• **PROBLEM**: Starting at the line that contains "this 1880×1253 image.", transcribe every remaining line of the entries exactly, including the last one.

• **DATA FOR PROCESSING**:
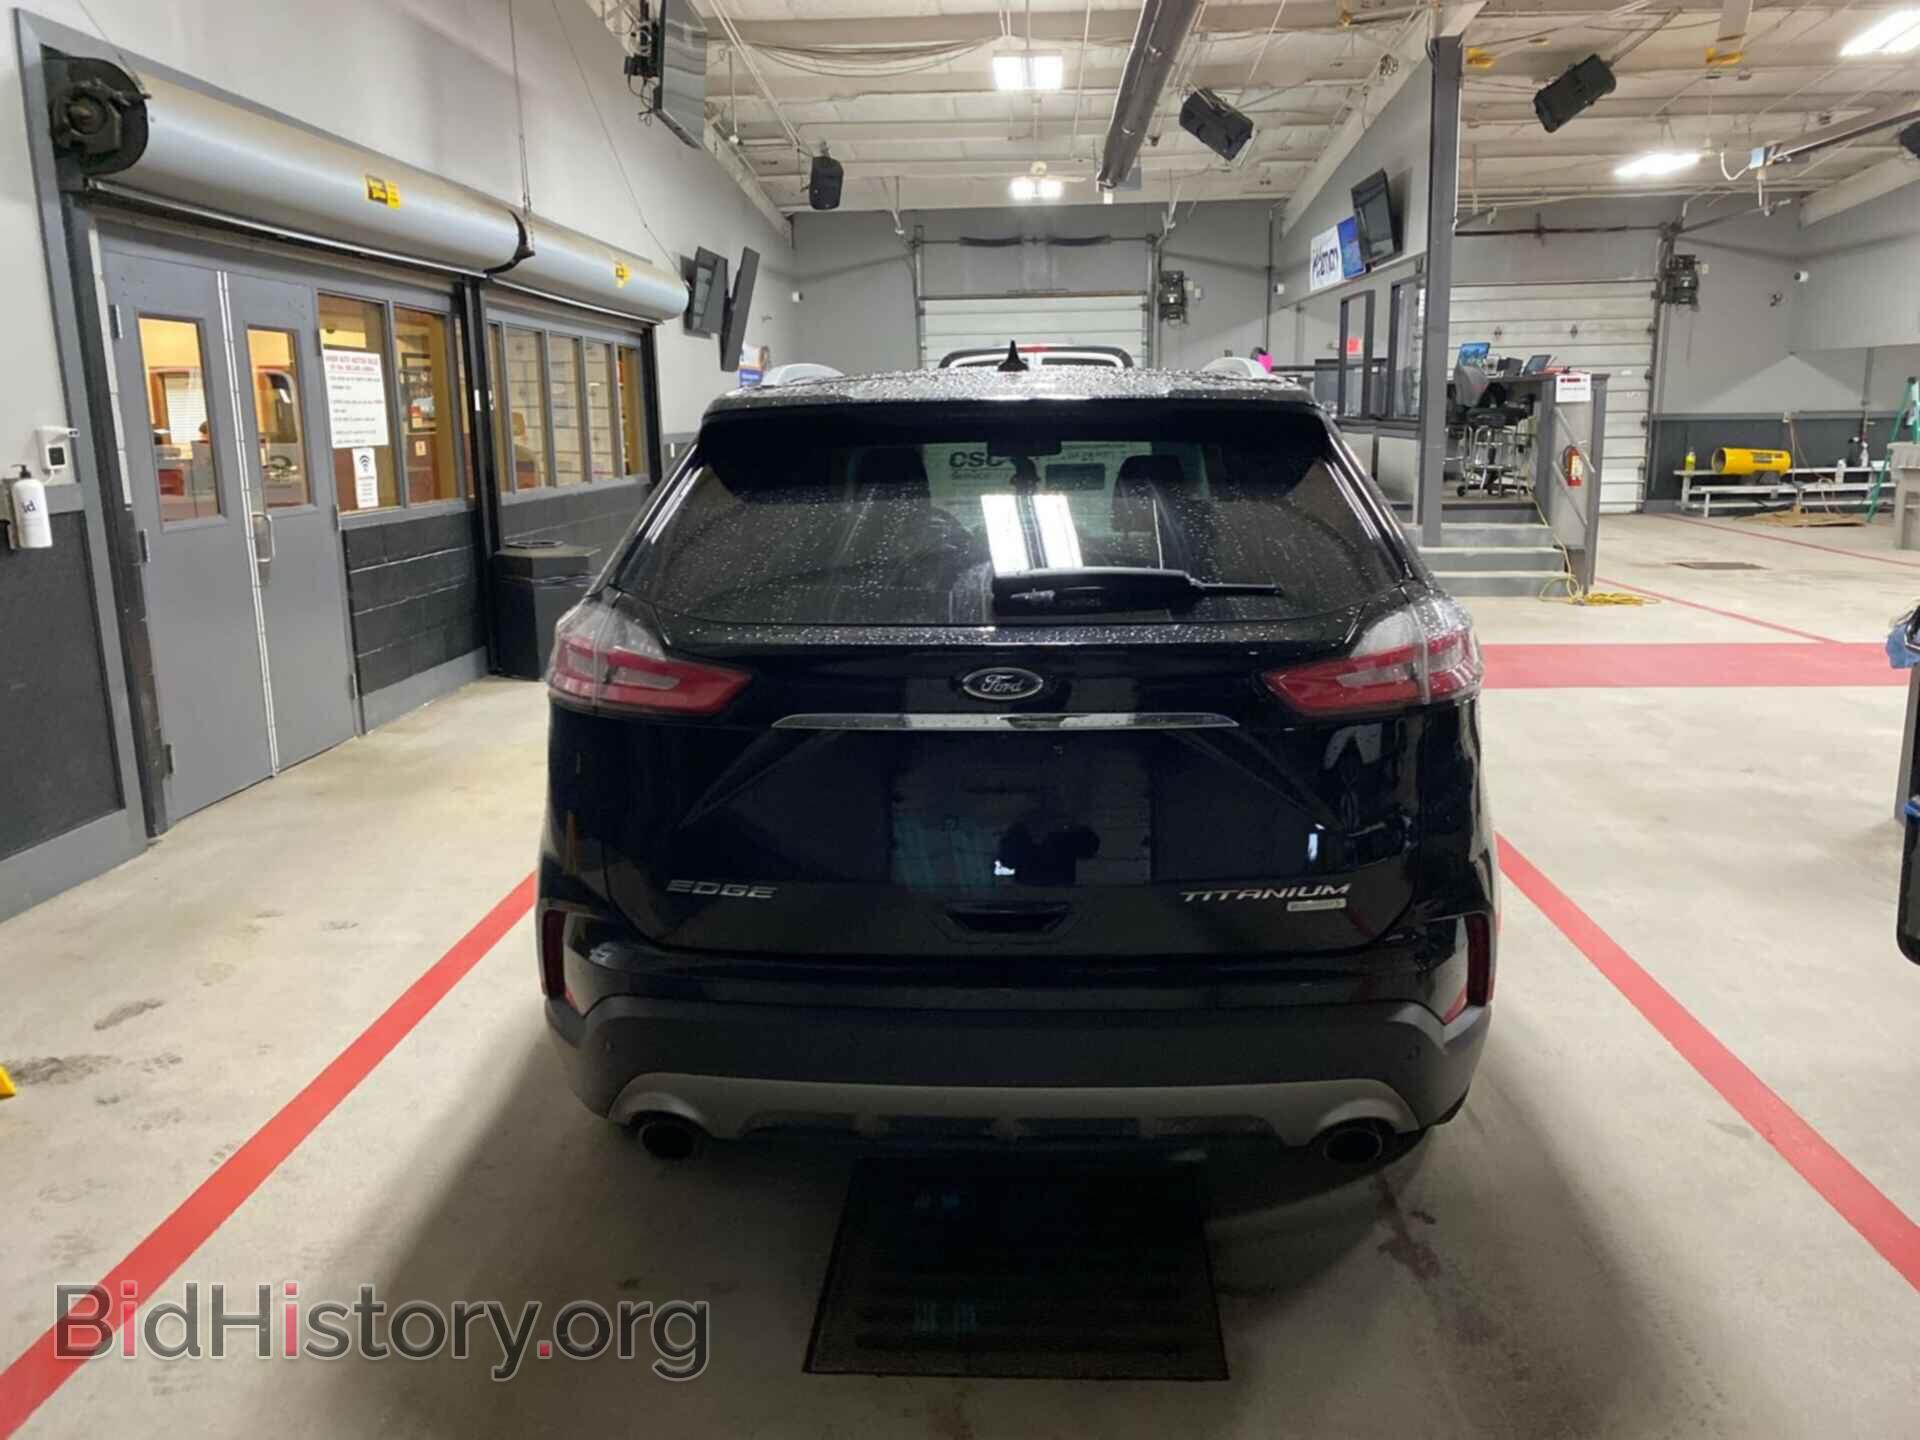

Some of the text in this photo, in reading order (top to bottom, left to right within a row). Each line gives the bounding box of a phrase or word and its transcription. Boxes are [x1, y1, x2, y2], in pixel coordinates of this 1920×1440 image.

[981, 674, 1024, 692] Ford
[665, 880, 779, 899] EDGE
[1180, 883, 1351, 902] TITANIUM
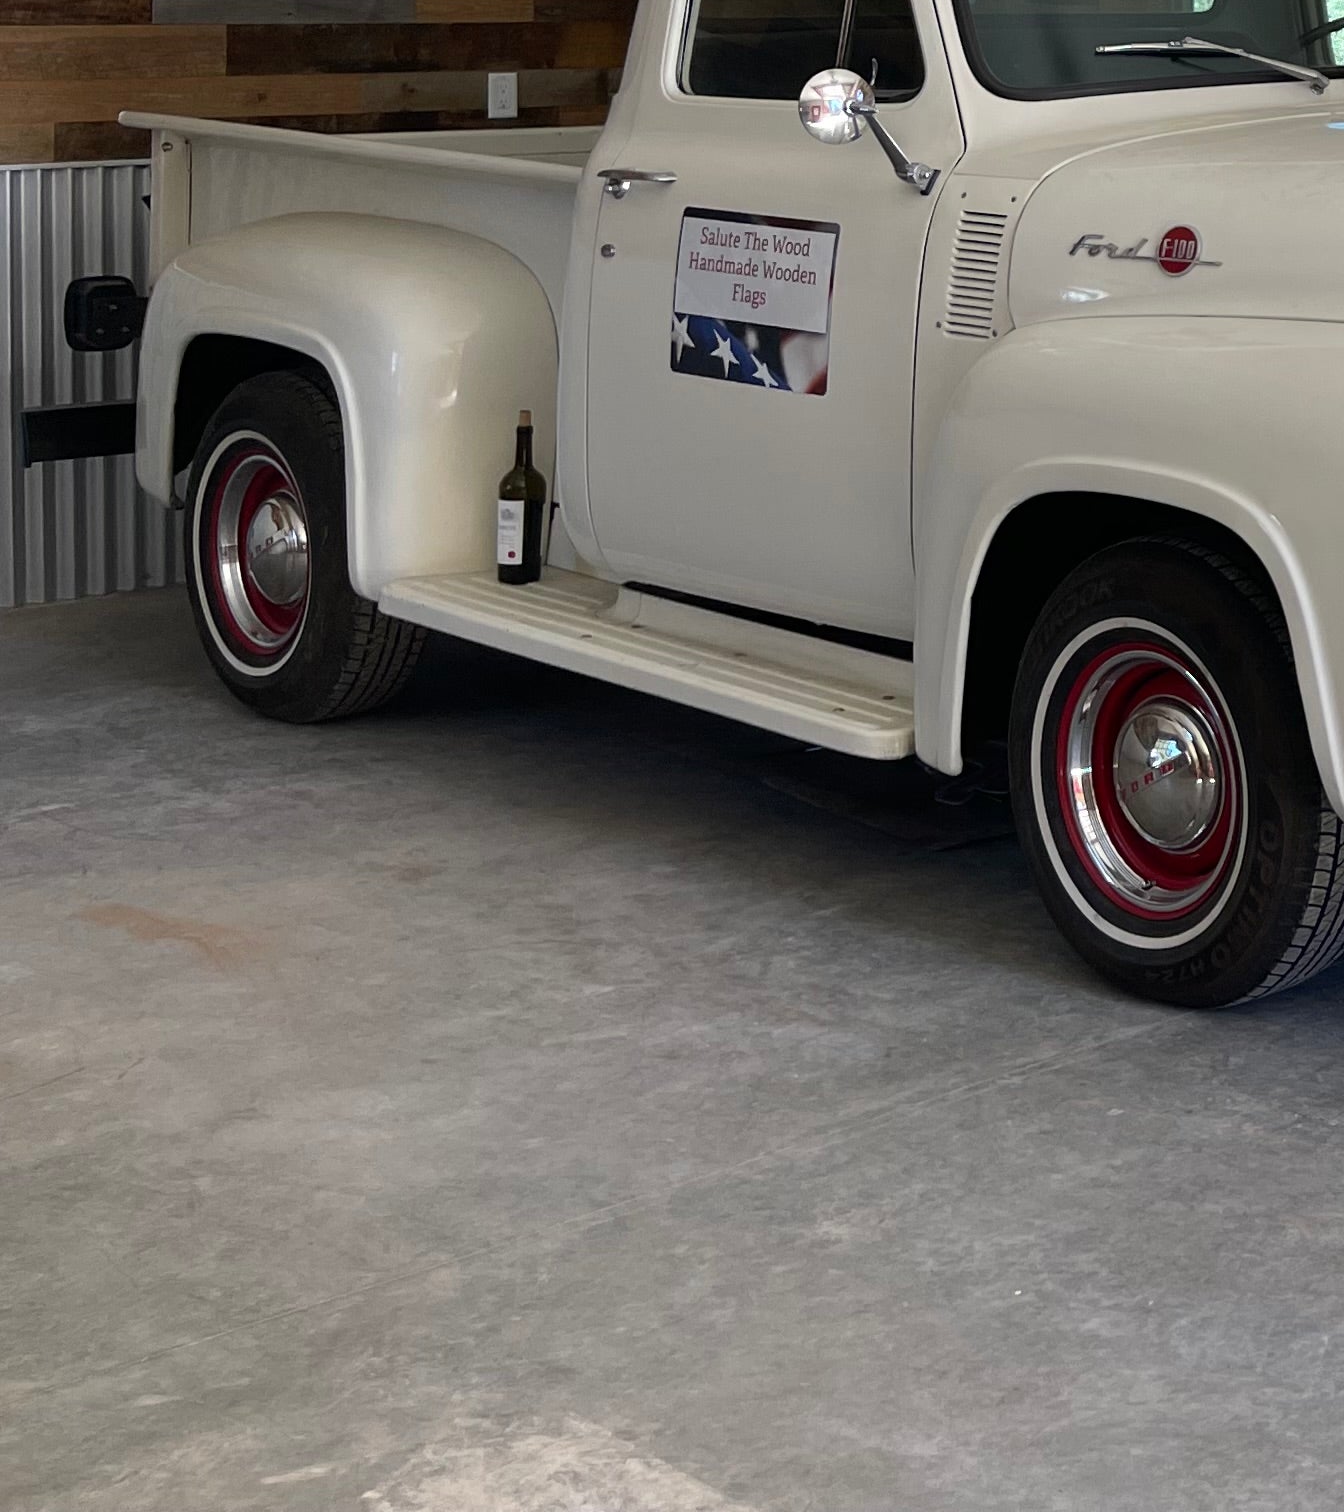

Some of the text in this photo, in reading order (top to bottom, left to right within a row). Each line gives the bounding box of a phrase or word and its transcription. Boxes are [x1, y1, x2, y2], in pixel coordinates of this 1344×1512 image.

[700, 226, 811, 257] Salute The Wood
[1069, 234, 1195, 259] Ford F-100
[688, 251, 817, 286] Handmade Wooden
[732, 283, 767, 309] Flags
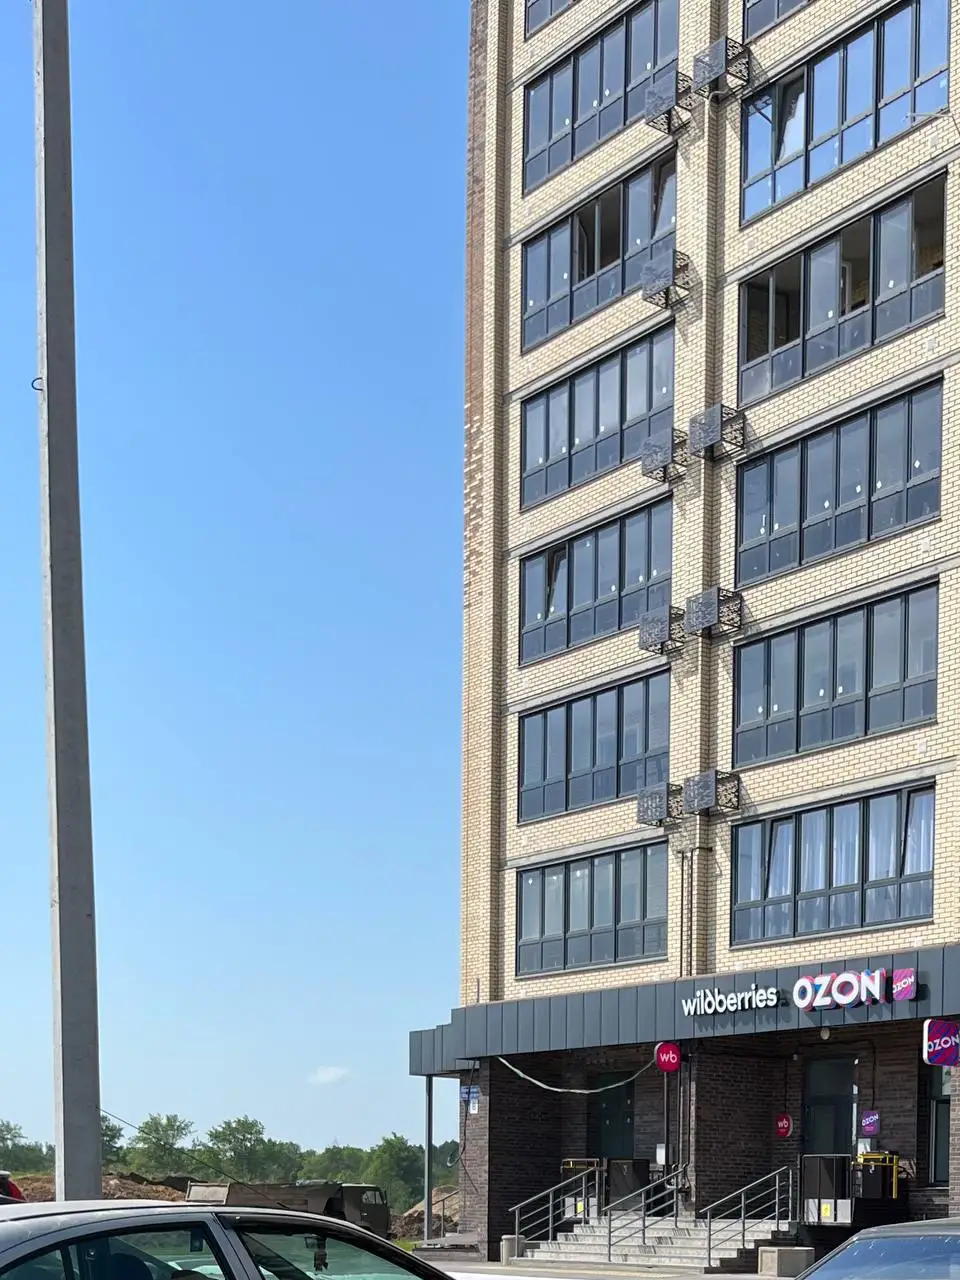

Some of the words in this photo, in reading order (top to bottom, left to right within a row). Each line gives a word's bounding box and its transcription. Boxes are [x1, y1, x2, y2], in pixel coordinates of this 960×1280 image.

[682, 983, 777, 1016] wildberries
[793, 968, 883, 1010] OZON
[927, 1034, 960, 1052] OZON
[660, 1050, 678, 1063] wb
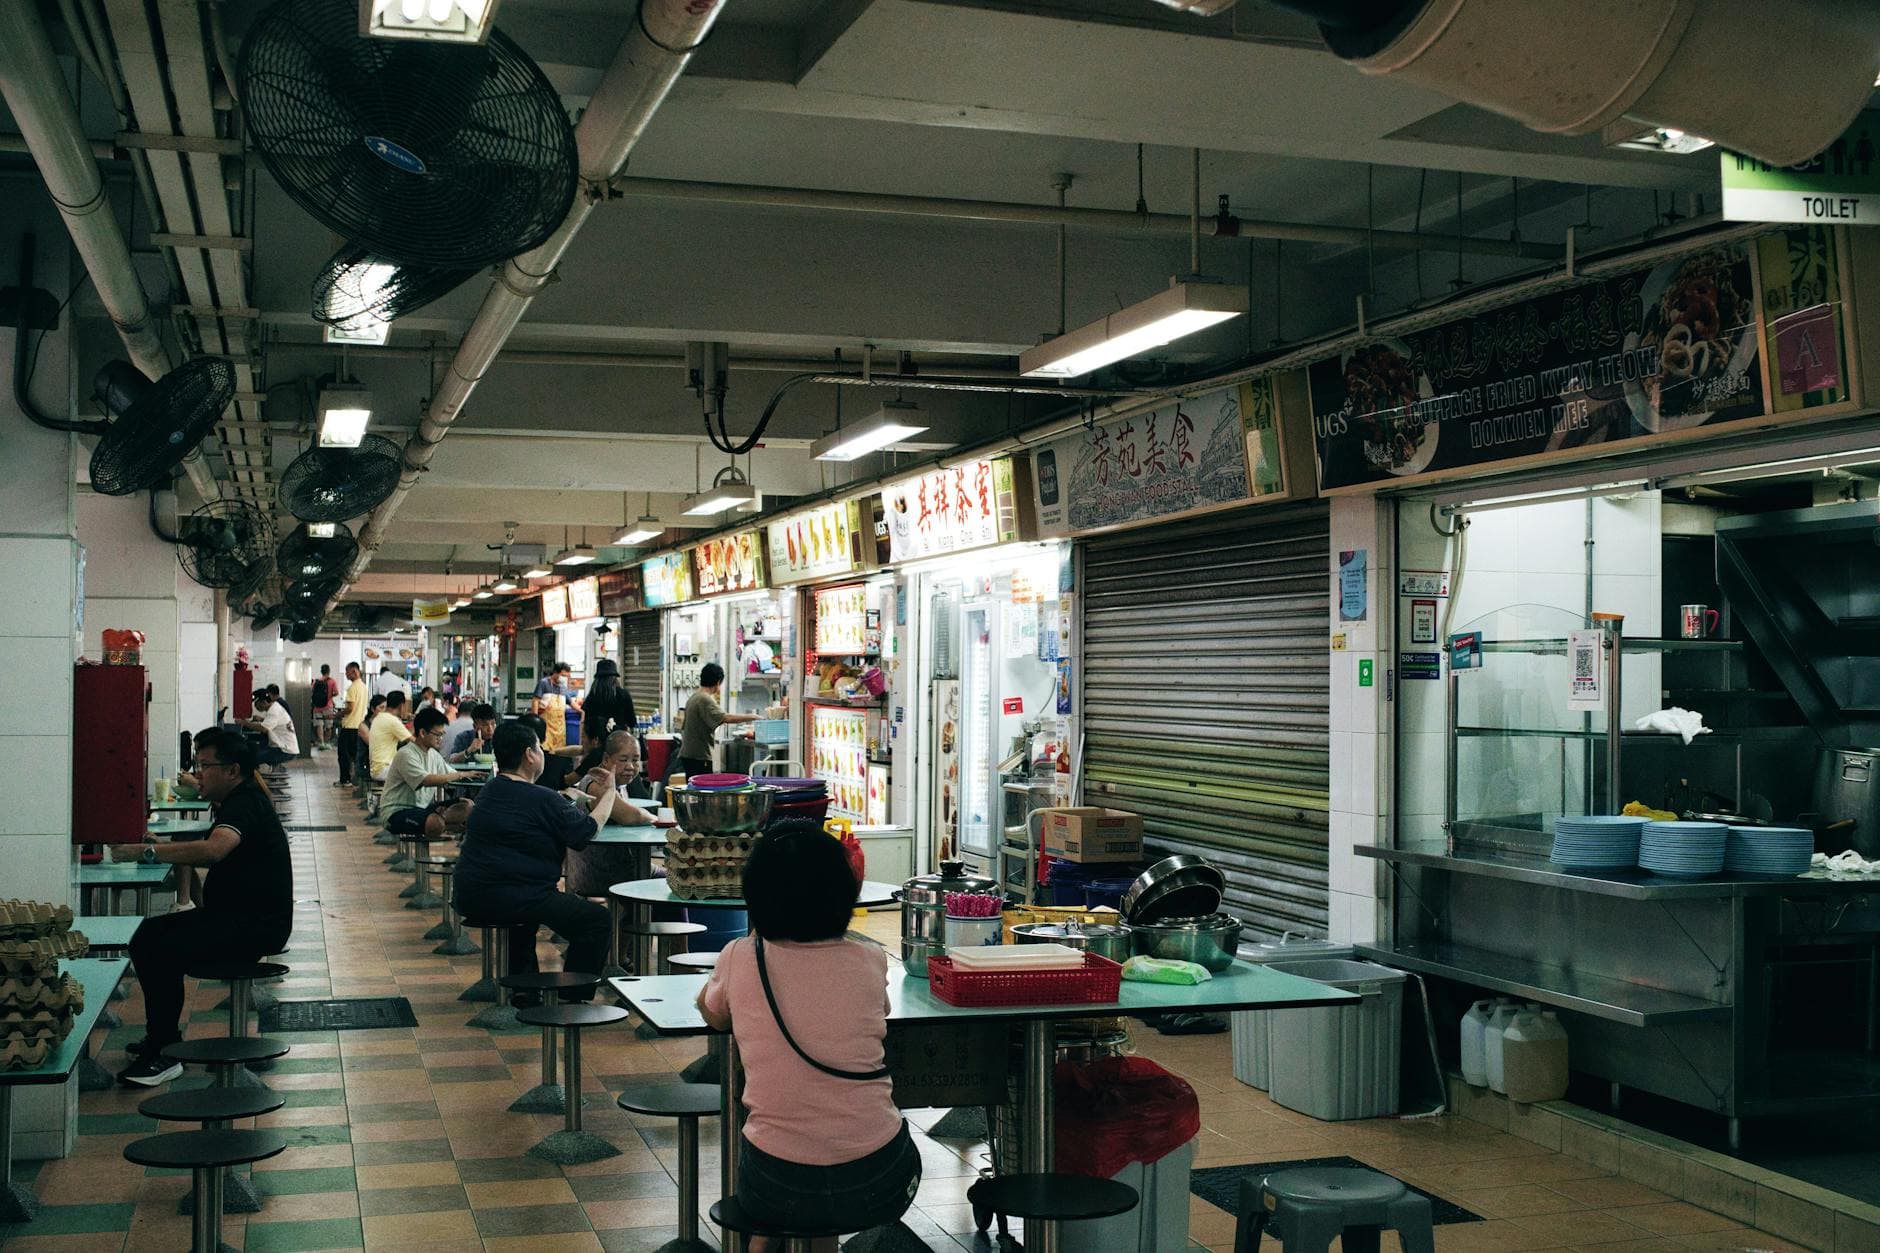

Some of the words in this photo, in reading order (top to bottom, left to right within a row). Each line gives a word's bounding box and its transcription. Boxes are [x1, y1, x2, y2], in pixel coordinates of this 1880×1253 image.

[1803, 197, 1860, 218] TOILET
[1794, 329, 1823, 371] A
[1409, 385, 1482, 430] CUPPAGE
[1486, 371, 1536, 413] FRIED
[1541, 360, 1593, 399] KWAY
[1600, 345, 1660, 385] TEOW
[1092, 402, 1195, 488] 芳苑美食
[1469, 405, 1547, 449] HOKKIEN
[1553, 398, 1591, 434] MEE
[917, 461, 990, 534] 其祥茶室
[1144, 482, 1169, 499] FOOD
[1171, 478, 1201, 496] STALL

• **EXERCISE ANSWER**:
Some of the words in this photo, in reading order (top to bottom, left to right within a row). Each line gives a word's bounding box and its transcription. Boxes are [x1, y1, x2, y2], in pixel coordinates of this 1880×1253 image.

[1803, 197, 1860, 218] TOILET
[1794, 329, 1823, 371] A
[1409, 385, 1482, 430] CUPPAGE
[1486, 371, 1536, 413] FRIED
[1541, 360, 1593, 399] KWAY
[1600, 345, 1660, 385] TEOW
[1092, 402, 1195, 488] 芳苑美食
[1469, 405, 1547, 449] HOKKIEN
[1553, 398, 1591, 434] MEE
[917, 461, 990, 534] 其祥茶室
[1144, 482, 1169, 499] FOOD
[1171, 478, 1201, 496] STALL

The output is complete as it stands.